------ Records for the task ------

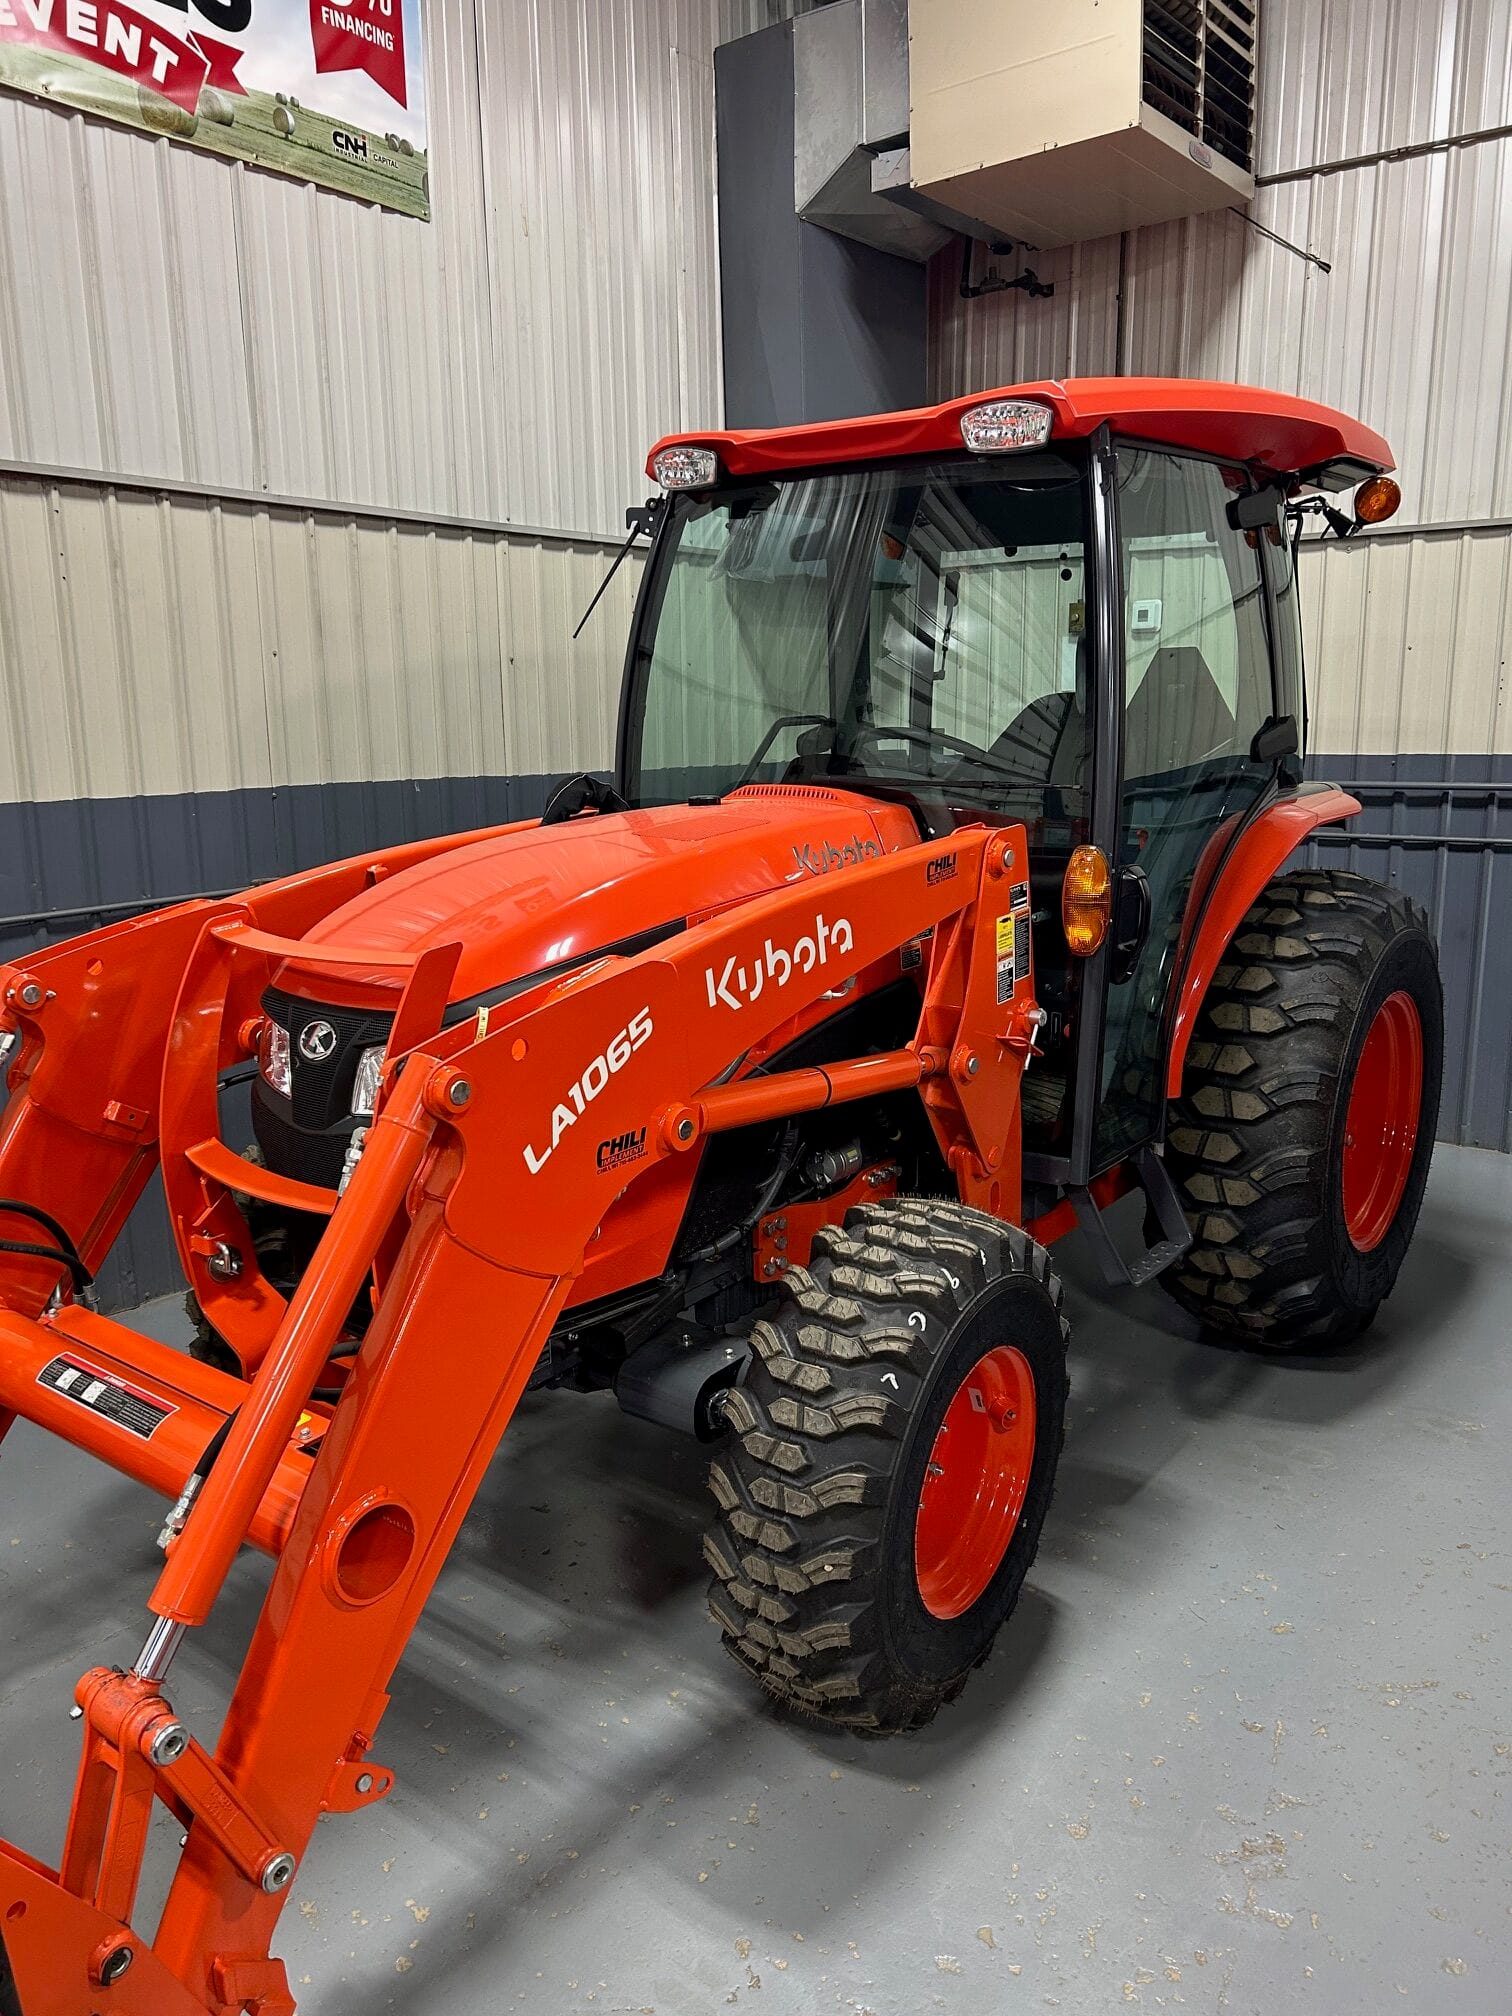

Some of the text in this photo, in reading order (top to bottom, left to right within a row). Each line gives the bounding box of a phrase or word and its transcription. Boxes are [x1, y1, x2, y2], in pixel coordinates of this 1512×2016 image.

[373, 154, 399, 169] CAPITAL
[792, 835, 880, 875] Kubota
[926, 852, 957, 882] CHILI
[704, 913, 854, 1011] Kubota
[522, 1006, 654, 1174] LA1065
[597, 1127, 647, 1168] CHILI
[602, 1145, 643, 1167] IMPLEMENT

------

All the lines above are to be given again exactly as they read, with the pictures removed.

Some of the text in this photo, in reading order (top to bottom, left to right within a row). Each line gives the bounding box of a phrase or word and its transcription. Boxes are [x1, y1, x2, y2], in pixel coordinates of this 1512×2016 image.

[373, 154, 399, 169] CAPITAL
[792, 835, 880, 875] Kubota
[926, 852, 957, 882] CHILI
[704, 913, 854, 1011] Kubota
[522, 1006, 654, 1174] LA1065
[597, 1127, 647, 1168] CHILI
[602, 1145, 643, 1167] IMPLEMENT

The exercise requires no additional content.